Güya dinlenmek için var olan hafta sonları, bence haftalık zaman diliminin, depresyon kontenjanını temsil ediyor. İnsanların bolca uyuyacağı, kendine ayıracağı çabuk geçmeyeninden 2 günü olmaz mı yaa.




Hafta sonu kardeşlerin hastalanmaması, eve misafir gelmemesi, annenin en sıkıcı işleri buyurmaması, babanın garip sesler eşliğinde evin bir yerlerinde tamir işlerini yapmaması ve geç kalktığın için (doğal olarak) günün bu kadar kısa sürmemesi gerekirdi. Bir dakika bir dakika ya. Geç falan kalkmadım ki ben.

Dokuzu on geçe, rüyalarımın en tatlı anlarında ve 10'a  kalan o son elli dakika, bütün gün için depolayacağım, bu yazıları yazmak için en önemli uyuma zaman dilimi olacakken..Yine annemin yüksek desibellerde ve farklı tonlarda özel tasarlanmış cümleleriyle uyandım. Bir de tepeme dikilip sen hala kalkmadın mı diye sorup birkaç saniye bekleyip cevap almak isteyişine ne demeli? Bilmeli ki bütün bedensel ve ruhsal işleyişim gibi, ses tellerimin doğru çalışması da, o son elli dakikalık uykuya bağlıdır!,
Neyse annem gelip avazı çıktığı kadar bağırıp benden tepki alamayınca geri gidiyor, iki üç dakika içinde sessizlik sağlanıyor. Uyumaya çalışıyorum. Saat dokuzu yirmibeş geçiyor.
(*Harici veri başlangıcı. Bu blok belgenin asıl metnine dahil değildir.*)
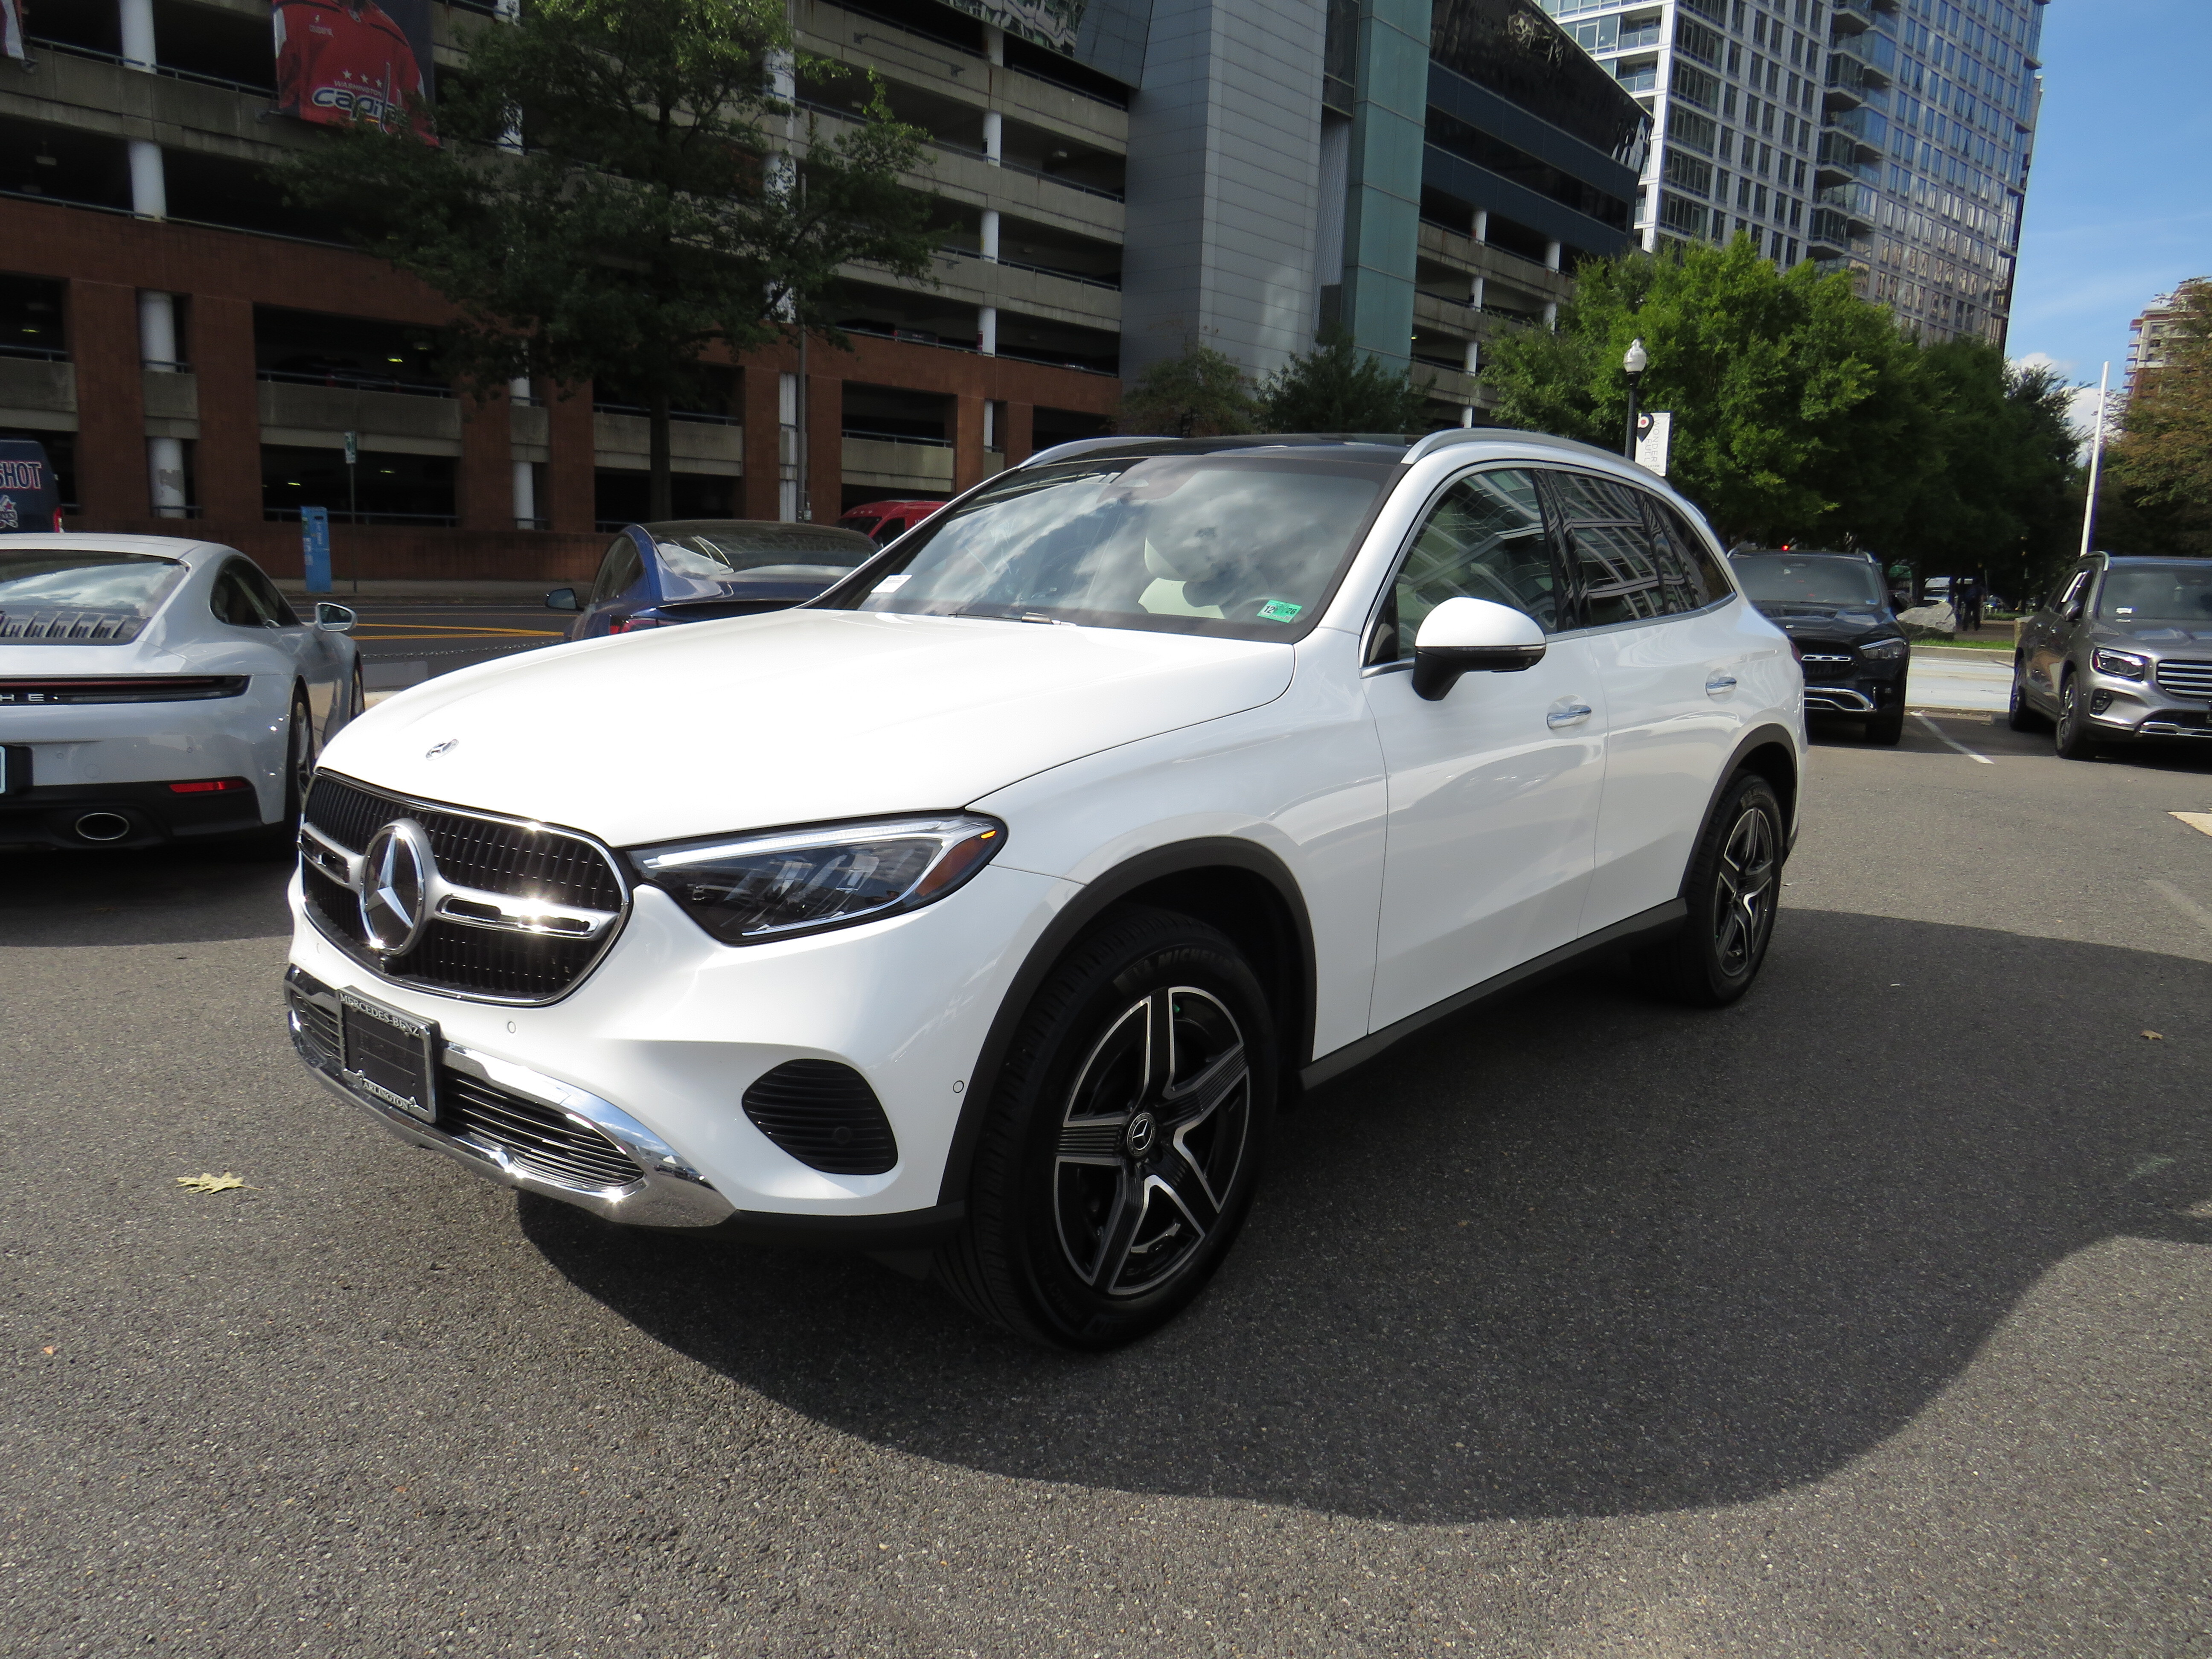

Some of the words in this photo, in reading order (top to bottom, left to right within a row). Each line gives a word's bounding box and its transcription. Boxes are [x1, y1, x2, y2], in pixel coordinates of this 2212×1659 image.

Halbuki sabah ansızın uyanmanın iki çeşidi vardır. Zararsız bir durumla geçici olarak uyanırsın. Yanlışlıkla kurduğun saat çalar, odada bir şey düşer, vesaire. Bir dakika sonra yine uykuya dalarsın. İkinci çeşit uyanma ise 'gerginlik yaratan uyanma'dır. Seni uyandıran şey, dışarda zamansız başlayan tadilat, annenin odanın kapısını hunharca açıp tam göz bebeğini taciz edecek şekilde düşen güneş ışığını ayarlarcasına perdeyi açması insanı sinirlendirir ve sinirli bir insan bir daha asla dalamaz! Dışarda gürültüye sebebiyet veren insanlara söylenirsin, ustabaşına, sabahın bu saatinde bir pazar günü kuralları muhtemelen hiiiç takmayan, ağzında sigarasıyla sabahın köründe duvarları kırmaya başlayan ameleye, haftanın 6 günü kabus gibi uyandırırken pazar günü ultra kabus gibi tepene çöken anneye, herkese söylenirsin. Saat dokuz otuz beş. Söylene söylene dalarsın. Bu defa seni uyandıran bütün bunları düşünürken zaten uykunun çoktan kaçmış oluşudur.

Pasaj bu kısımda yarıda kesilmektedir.